Without the images, repeat every line of the listing verbatim.
- - -
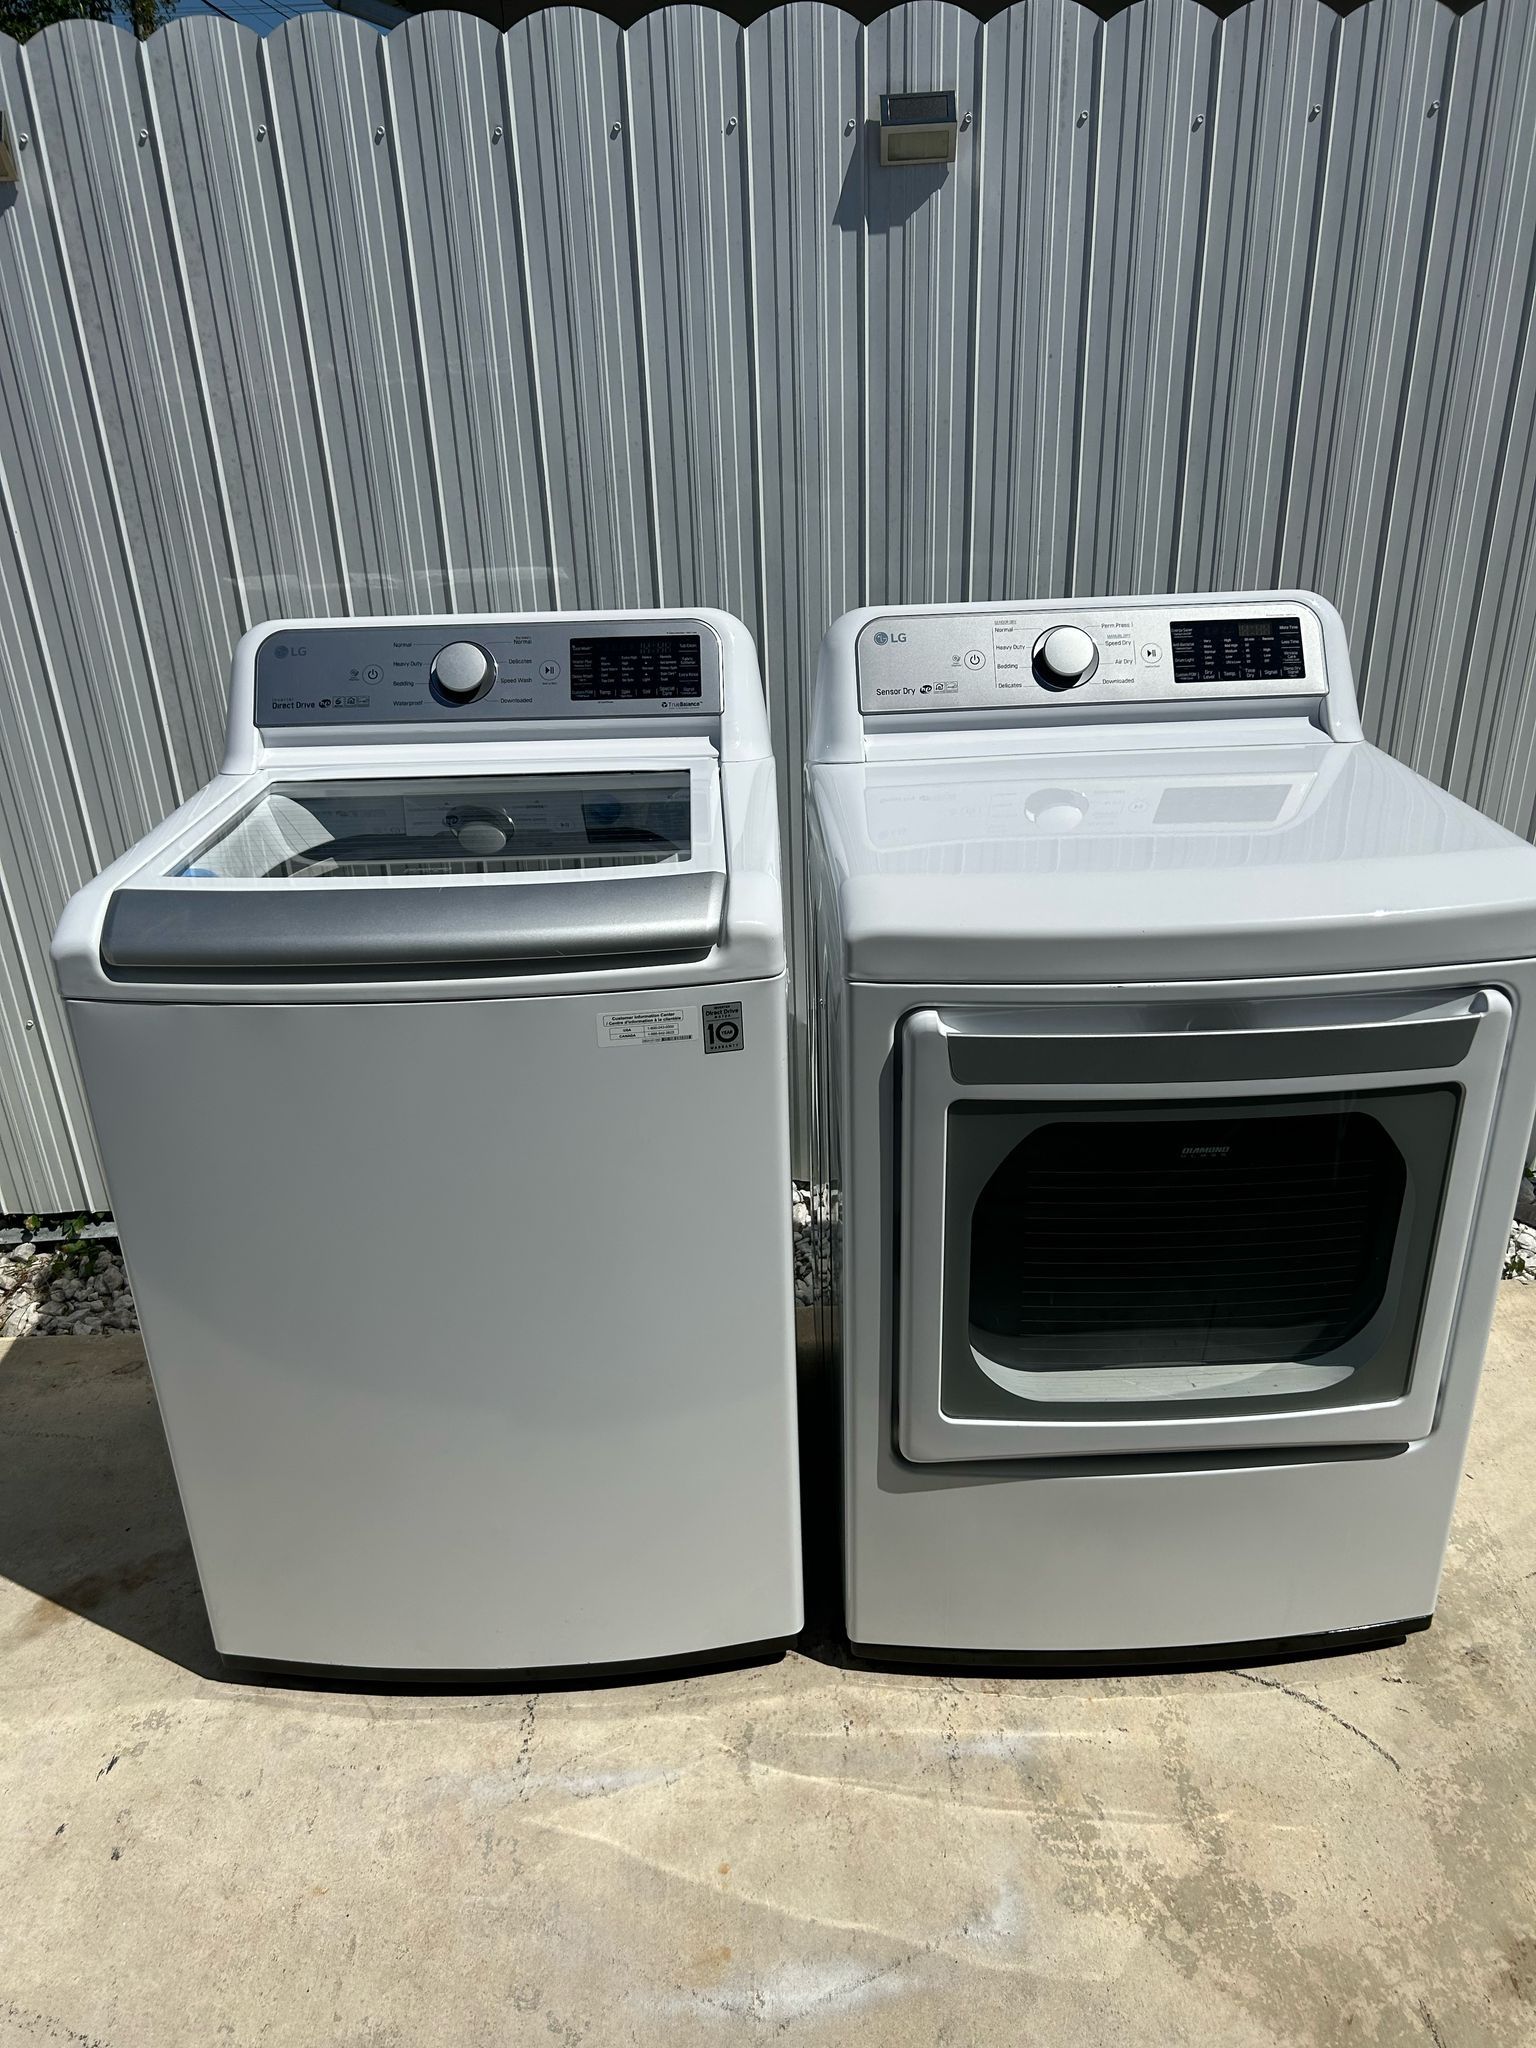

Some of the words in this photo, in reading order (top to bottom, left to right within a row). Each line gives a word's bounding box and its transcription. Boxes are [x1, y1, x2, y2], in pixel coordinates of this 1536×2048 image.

[891, 633, 907, 643] LG
[291, 647, 307, 656] LG
[876, 688, 901, 696] Sensor
[902, 687, 916, 695] Dry
[708, 1022, 739, 1044] 10
[1181, 1146, 1230, 1154] DIAMOND
- - -
### EXERCISE RESPONSE
Some of the words in this photo, in reading order (top to bottom, left to right within a row). Each line gives a word's bounding box and its transcription. Boxes are [x1, y1, x2, y2], in pixel coordinates of this 1536×2048 image.

[891, 633, 907, 643] LG
[291, 647, 307, 656] LG
[876, 688, 901, 696] Sensor
[902, 687, 916, 695] Dry
[708, 1022, 739, 1044] 10
[1181, 1146, 1230, 1154] DIAMOND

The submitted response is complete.